Je retiens, pour ma part, de l’amendement n453 de M. Goasdoué que « la retenue doit faire l’objet d’un accord exprès préalable du procureur de la République ». Comme l’a fort justement indiqué le ministre, non seulement cet accord exprès est une garantie pour le mineur ainsi placé sous la protection du parquet mais cela permet, face à un mineur isolé, de prendre toutes les mesures nécessaires vis-à-vis de la protection judiciaire de la jeunesse ou de l’aide sociale à l’enfance départementale. Bref, nous instaurons des garanties supplémentaires.

Par cohérence avec ce que je viens de dire, je précise que le sous-amendement n565 supprime le mot « préalable » – les mots : « l’accord exprès » permettent une application pratique de la procédure – et le sous-amendement n566 supprime l’obligation de l’assistance d’un avocat.

Je résume. Avis défavorable à l’ensemble des amendements qui ont été défendus et qui concernent la question de l’avocat. Avis favorable à l’adoption de l’amendement n453 de M. Goasdoué et du groupe SRC, sous réserve que mes deux sous-amendements soient adoptés.

M. le président. Quel est l’avis du Gouvernement ?

M. Bernard Cazeneuve, ministre. L’exposé de M. le rapporteur ayant été extrêmement précis et ayant évoqué tous les aspects du sujet sous un angle juridique et technique, je m’exprimerai brièvement.

Le Gouvernement est défavorable à l’adoption de ces amendements à l’exception de celui de M. Goasdoué sous réserve de l’adoption des sous-amendements proposés par le rapporteur.

M. le président. La parole est à M. Christophe Cavard.

M. Christophe Cavard. Je suis d’accord avec vous, monsieur le rapporteur : des mineurs peuvent être impliqués dans ce genre de situation et un encadrement est nécessaire.

Vous nous avez expliqué pourquoi vous ne souhaitez pas l’assistance d’un avocat. Je vous ai posé la question tout à l’heure et votre réponse était de bonne foi. S’il est possible de prévenir la personne de son choix, il est aussi possible de prévenir l’avocat – ce qui ne signifie pas que ce dernier « assiste » la personne au sens où il participerait à la procédure. Mais si j’ai bien suivi la réécriture de l’alinéa 5 à laquelle nous avons procédé tout à l’heure, même s’il y aura le temps de la discussion et de la navette, il ne sera plus possible de prévenir la personne de son choix – nous avons discuté de cela avec M. Lellouche. Il n’est donc même plus possible de prévenir l’avocat – sans même qu’il soit question d’assistance !

Vous comprendrez donc qu’un certain nombre d’inquiétudes se fassent jour et qu’elles s’expriment dans le débat qui est en train de s’ouvrir sur les amendements visant à réintroduire la présence de l’avocat.

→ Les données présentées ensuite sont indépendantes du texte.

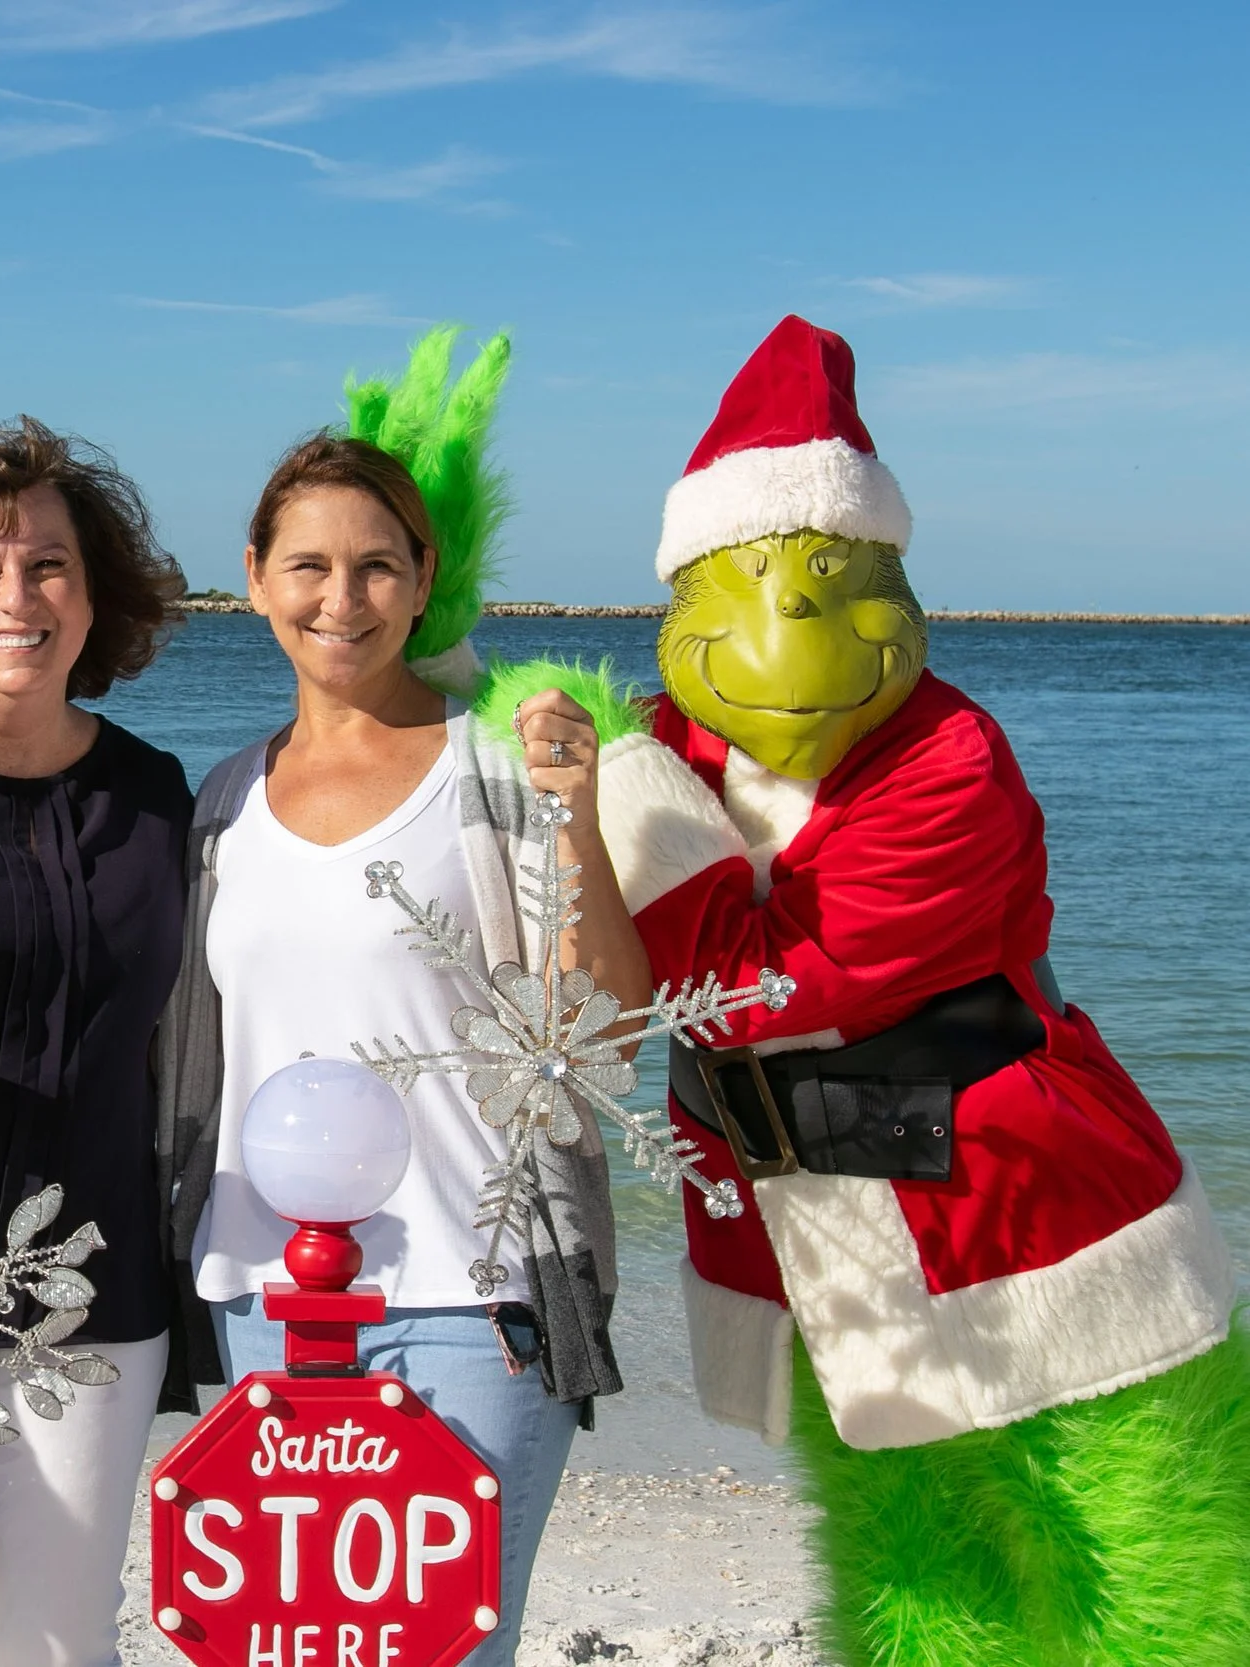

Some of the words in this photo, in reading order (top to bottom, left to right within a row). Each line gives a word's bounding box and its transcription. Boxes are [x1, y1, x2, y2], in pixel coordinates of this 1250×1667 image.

Je me permets d’insister : avant la fin de notre discussion, en fin de semaine, il serait bon d’équilibrer à nouveau l’alinéa 5 et de faire en sorte de ne pas faire disparaître purement et simplement la possibilité de prévenir la personne de son choix – parce que, pour le coup, ce serait vraiment déséquilibrer cet article –, même si nous faisons confiance au ministre et au Gouvernement, dans le cadre de la navette, pour faire en sorte que ce ne soit pas le cas tout en tenant compte des arguments de MM. Lellouche et Larrivé.

M. le président. La parole est à M. Noël Mamère.

M. Noël Mamère. Je soutiens les amendements visant à ce qu’un avocat soit présent. Je note qu’ils ne sont pas issus d’un seul mais des deux côtés de l’hémicycle, ce qui prouve bien que cet article 18 soulève un problème au-delà de nos préférences partisanes.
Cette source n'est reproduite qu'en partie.